In 2014, the deployment of this program was underpinned by forceful internal communications activities intended to emphasize once again the importance the Group attaches to these questions. For example, on the occasion of the International Anti-Corruption Day (December 9, 2014), an e-mail was sent to all Group employees to refresh their knowledge of the program and give them a more in-depth understanding of it. This campaign was taken up and complemented locally at the various subsidiaries.

Under the settlements reached in 2013 between TOTAL, the Securities and Exchange Commission (SEC) and the U.S. Department of Justice (DoJ), an independent monitor was appointed to conduct a three-year review of the anti-corruption compliance and related internal control procedures implemented by the Group and to recommend improvements, when necessary. The monitor took up his duties on December 2, 2013 (refer to point 1.10. of chapter 5) and his first report was submitted to the authorities at the end of July 2014. This report gives recommendations for improving the program, which TOTAL has already started to implement. In October 2014, the monitor had to relinquish his mission for health reasons, and as a result, TOTAL is in the process of selecting a new monitor.

Respect for human rights

The activities of companies can affect the human rights of the employees, partners or communities with which they interact in numerous ways. In addition to being an ethical commitment for TOTAL, adopting a proactive approach to human rights within the Group is vital for its daily business. This approach helps to establish and maintain successful relationships with all stakeholders.

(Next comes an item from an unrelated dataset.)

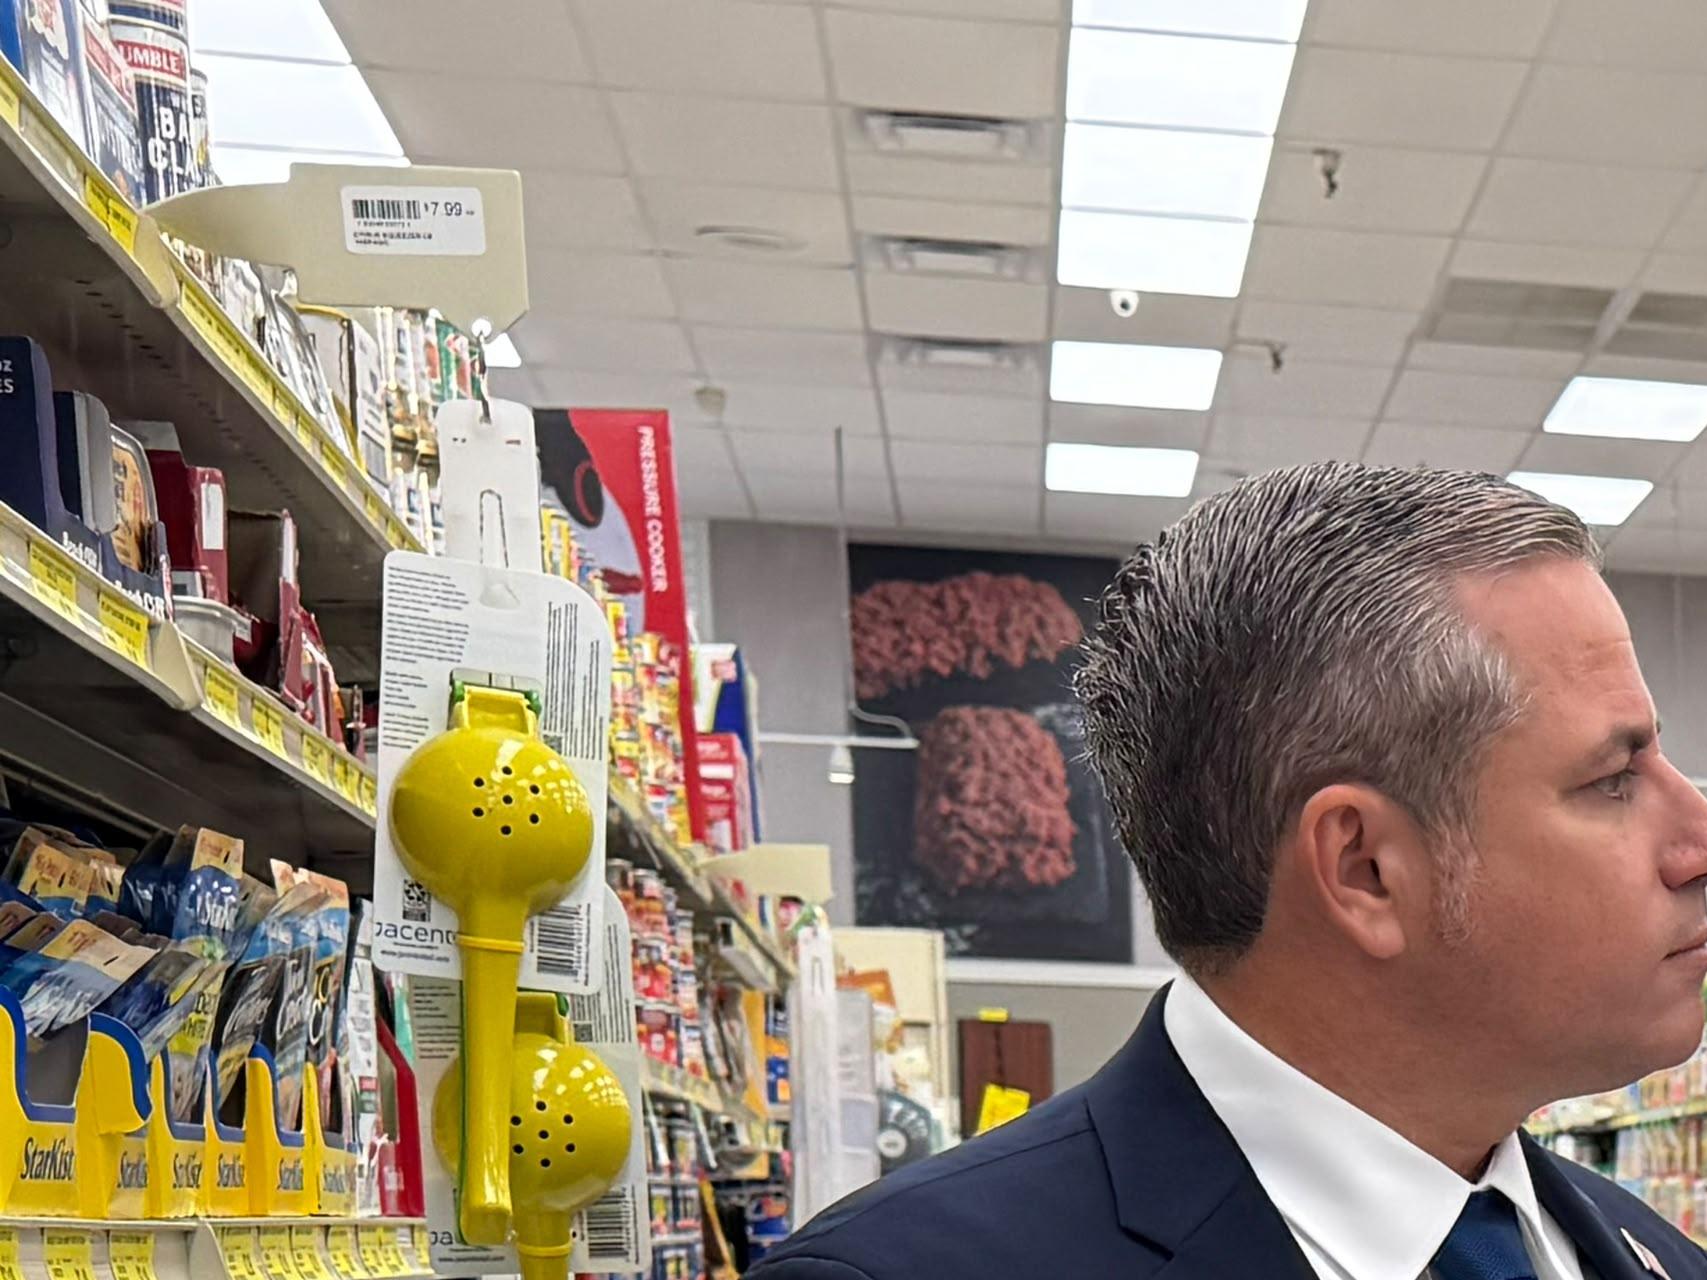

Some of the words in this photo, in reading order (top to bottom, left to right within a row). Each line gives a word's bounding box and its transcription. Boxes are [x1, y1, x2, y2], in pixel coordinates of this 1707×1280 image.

The Group’s Code of Conduct was revised in June 2014 in order to reinforce TOTAL’s commitments in terms of its respect for human rights. TOTAL’s adherence to the principles set out in international standards, including the new United Nations’ guiding principles on business and human rights which were adopted in 2011 and the Voluntary Principles on Security and Human Rights (VPSHR), is indicated in the Code of Conduct. In the event of any discrepancy between legal provisions and the Code of Conduct, the highest standard is applied. A “Speaking Up” section has also been added and clearly indicates that anyone in TOTAL can benefit from the advice of the Ethics Committee at any time by writing to the ethique@total.com address.

Awareness of human rights is now an integral part of the principles underpinning the Group’s actions in the same way as all the H3SE standards (health, safety, security, societal, environment). First of all, the Group makes sure that the rights of its employees are protected. In particular, it prohibits any form of discrimination against them, including due to sexual orientation or identity. Likewise, it demands that they themselves be respectful of human rights. With regard to other stakeholders, TOTAL expects its suppliers to respect equivalent standards and to be particularly attentive to the working conditions of their employees. In its dealings with the host countries in which the Group operates, TOTAL respects their sovereignty while reserving the right to express its convictions concerning the importance of respecting human rights in subjects related to its field of operation. Since its activities have an impact on local communities, TOTAL respects their rights by foreseeing and limiting the impacts on their way of life and remediating these impacts wherever necessary.

Moreover, in 2013 the Group developed a strategic human rights roadmap which integrates respect for human rights into its various risk and impact management systems. The Executive Committee validated this roadmap on the occasion of the visit by Professor John Ruggie, former special United Nations Representative for Business and Human Rights. This roadmap has been implemented in various Group entities (Legal, Ethics, Sustainable Development Departments).

A new legal unit called “ethics and human rights” was set up in 2014 within the Group’s Compliance and Social Responsibility Department in order to help operatives address these issues.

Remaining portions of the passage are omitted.